*Task to complete*
Could you transcribe every entry below exactly, leaving out the pictures?

= = = =

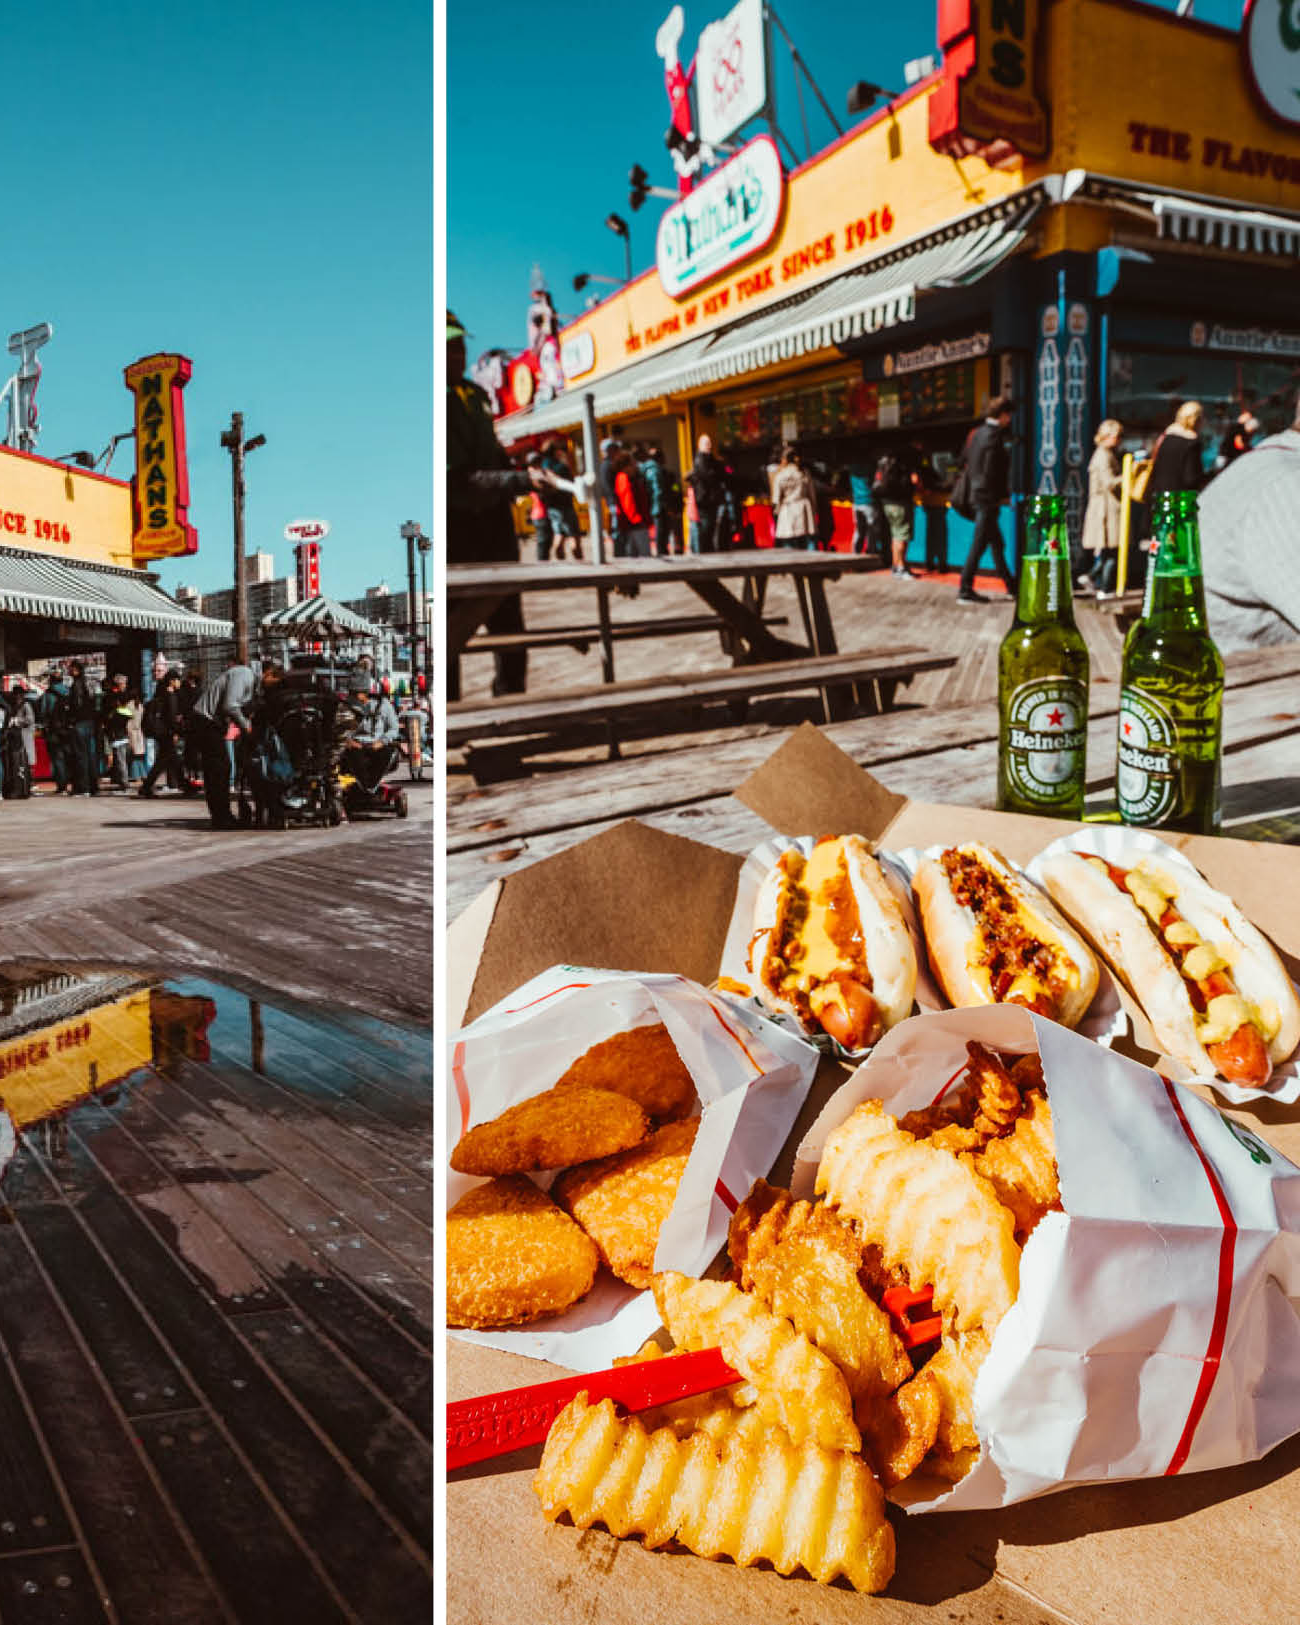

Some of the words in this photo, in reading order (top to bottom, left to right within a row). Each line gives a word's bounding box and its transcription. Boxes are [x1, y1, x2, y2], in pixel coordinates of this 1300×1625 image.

[1127, 121, 1191, 163] THE
[782, 233, 835, 282] SINCE
[845, 203, 894, 252] 1916
[142, 372, 169, 529] NATHANS
[34, 518, 71, 545] 1916
[1011, 729, 1085, 750] Heineke
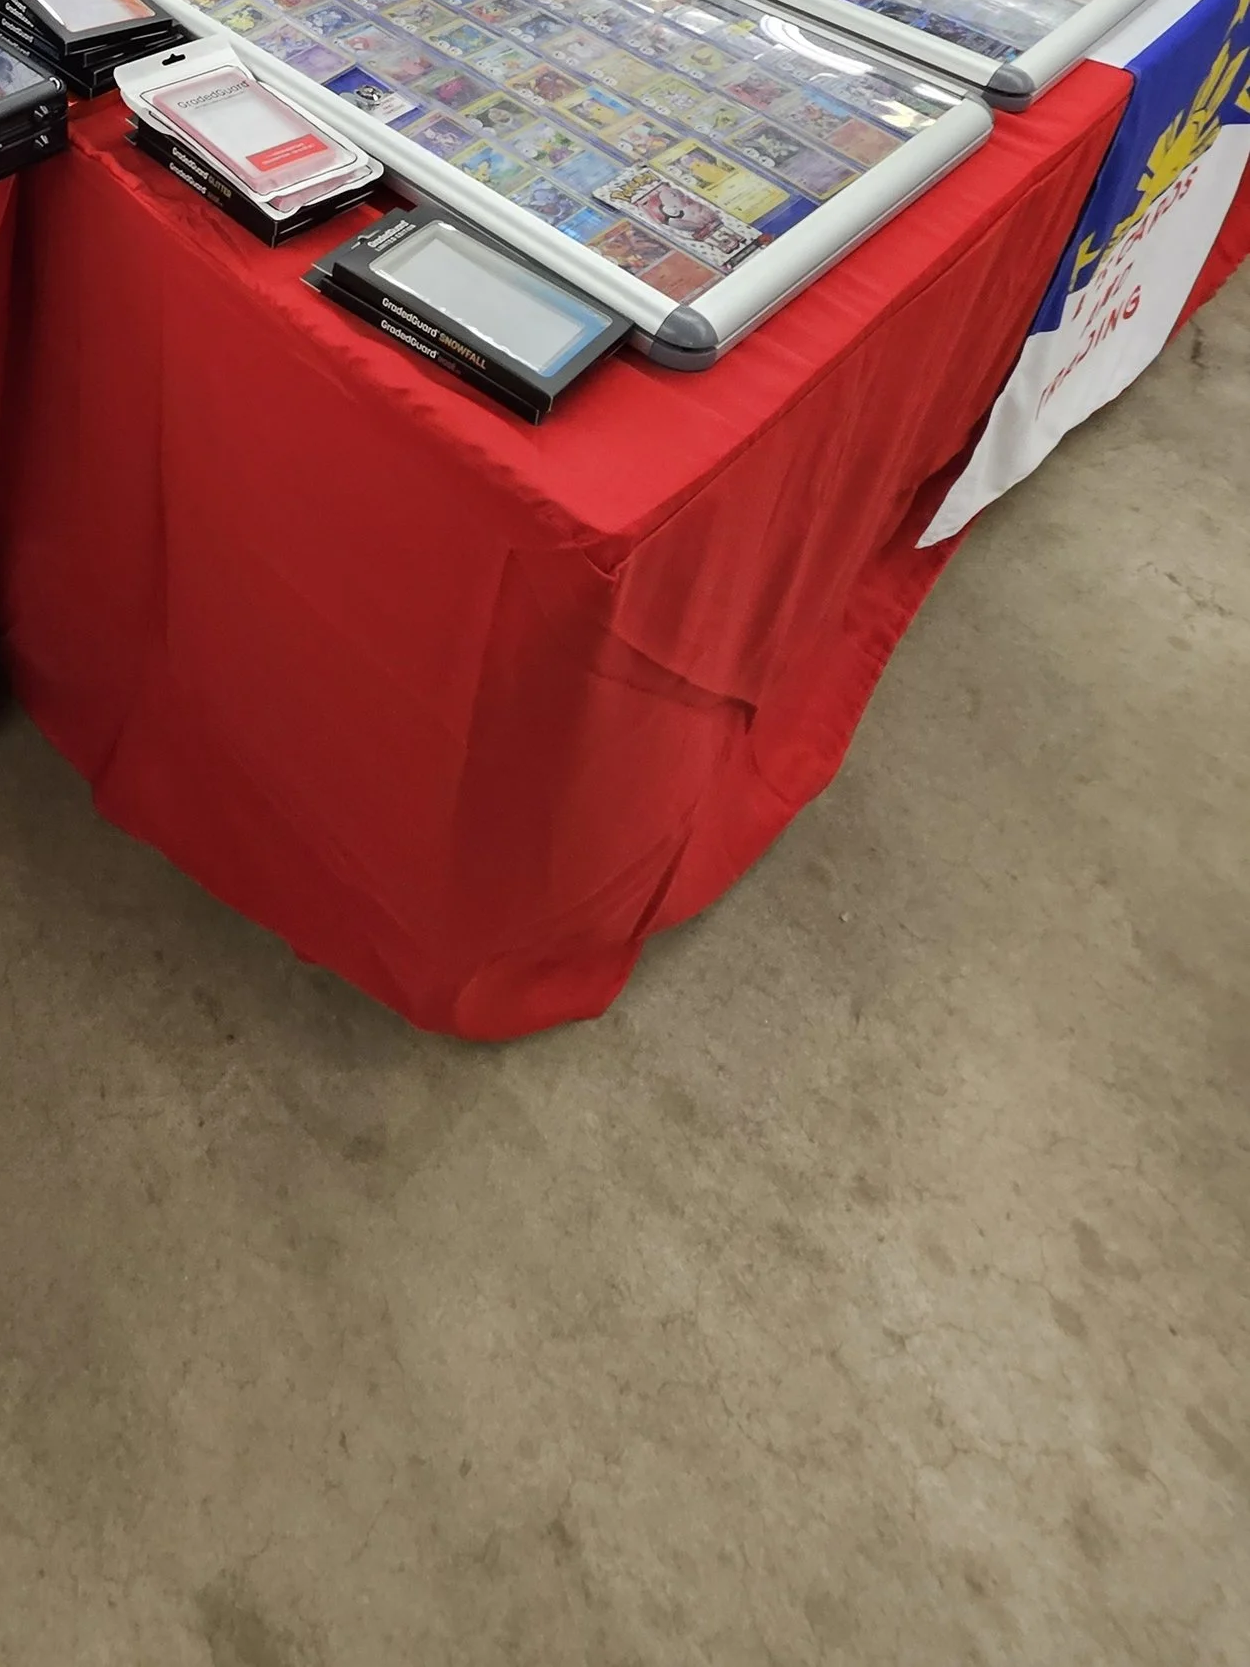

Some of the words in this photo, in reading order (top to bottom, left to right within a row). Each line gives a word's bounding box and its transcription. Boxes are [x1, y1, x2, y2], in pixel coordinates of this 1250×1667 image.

[177, 79, 250, 110] GradedGuard
[172, 146, 209, 180] GradedGuard
[380, 318, 439, 360] GradedGuard
[381, 296, 440, 338] GradedGuard
[439, 332, 487, 370] SNOWFALL
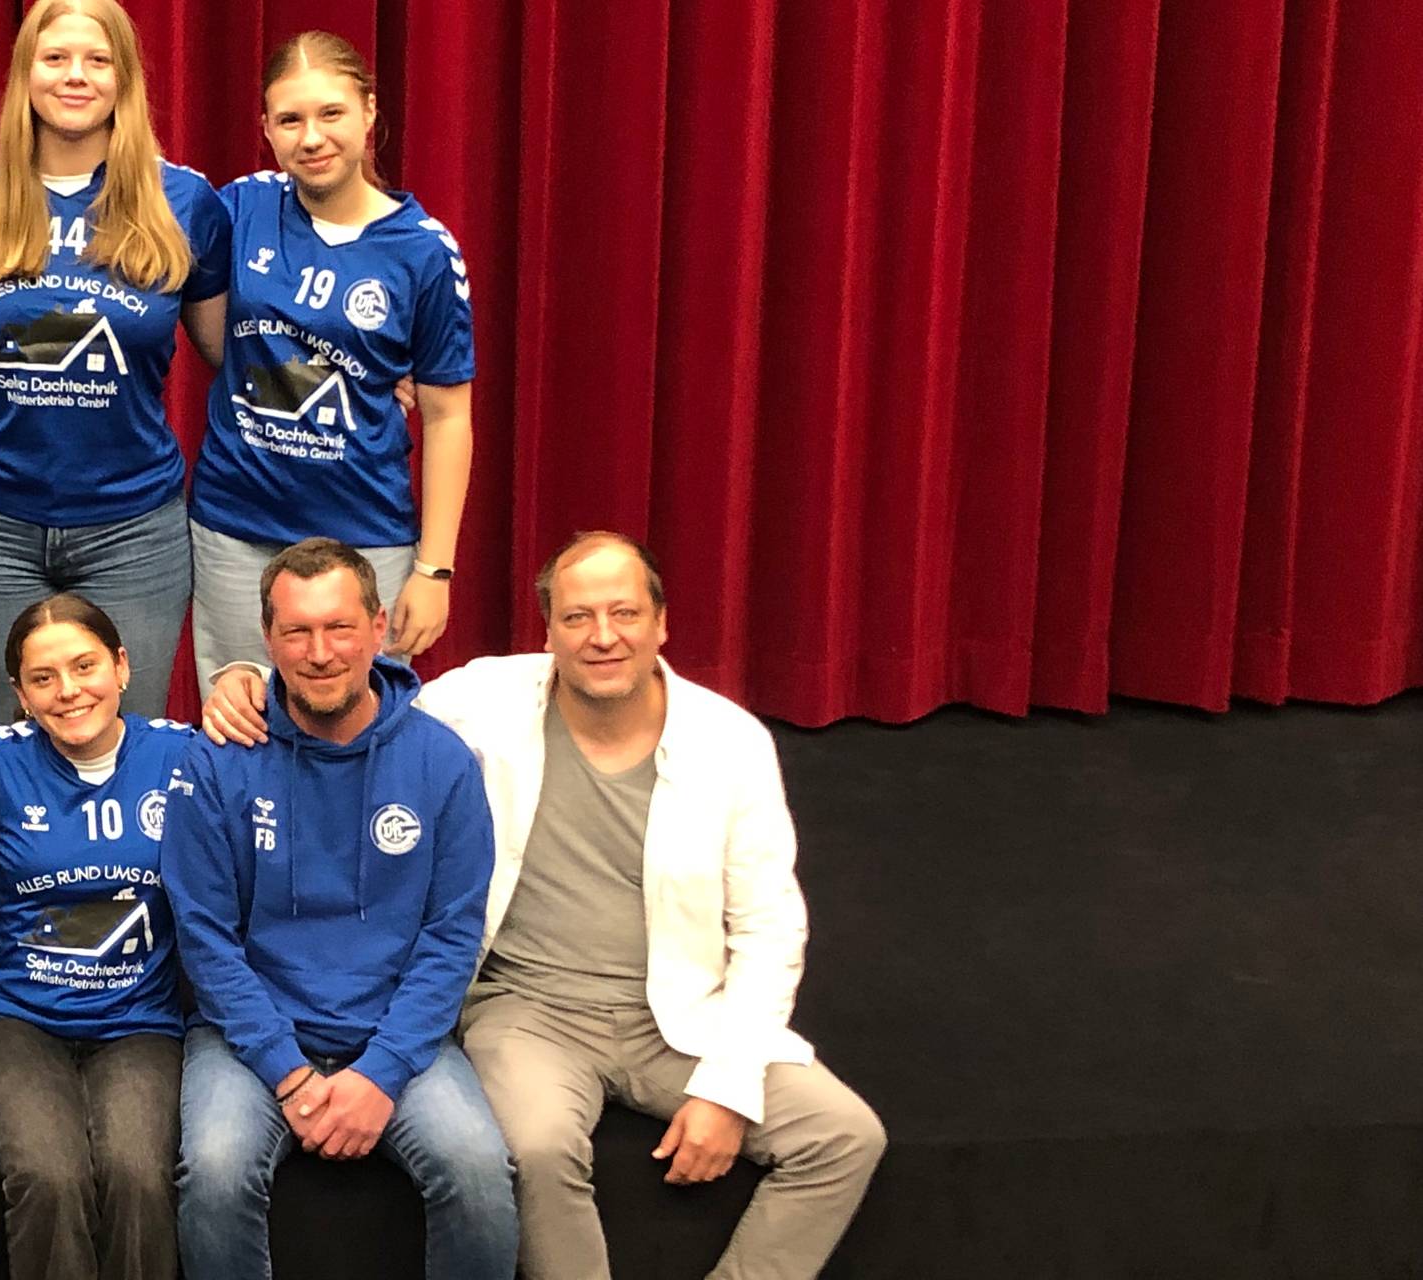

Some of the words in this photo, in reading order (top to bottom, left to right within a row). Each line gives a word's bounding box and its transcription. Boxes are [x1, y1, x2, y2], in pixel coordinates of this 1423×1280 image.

= = = =

*Result for this exercise*
Some of the words in this photo, in reading order (top to bottom, left to right within a row). Each line gives a word's bounding box and its transcription. Boxes are [x1, y1, x2, y2], in pixel coordinates of this 1300×1625 image.

[1127, 121, 1191, 163] THE
[782, 233, 835, 282] SINCE
[845, 203, 894, 252] 1916
[142, 372, 169, 529] NATHANS
[34, 518, 71, 545] 1916
[1011, 729, 1085, 750] Heineke

Some of the words in this photo, in reading order (top to bottom, left to right within a row). Each line gives a word's bounding box and its transcription. Boxes are [x1, y1, x2, y2], in pixel coordinates of this 1250×1667 image.

[177, 79, 250, 110] GradedGuard
[172, 146, 209, 180] GradedGuard
[380, 318, 439, 360] GradedGuard
[381, 296, 440, 338] GradedGuard
[439, 332, 487, 370] SNOWFALL

Some of the words in this photo, in reading order (top to bottom, left to right within a row). Each line gives a word's bounding box and its transcription. Boxes are [x1, y1, x2, y2], in pixel coordinates of this 1423×1280 image.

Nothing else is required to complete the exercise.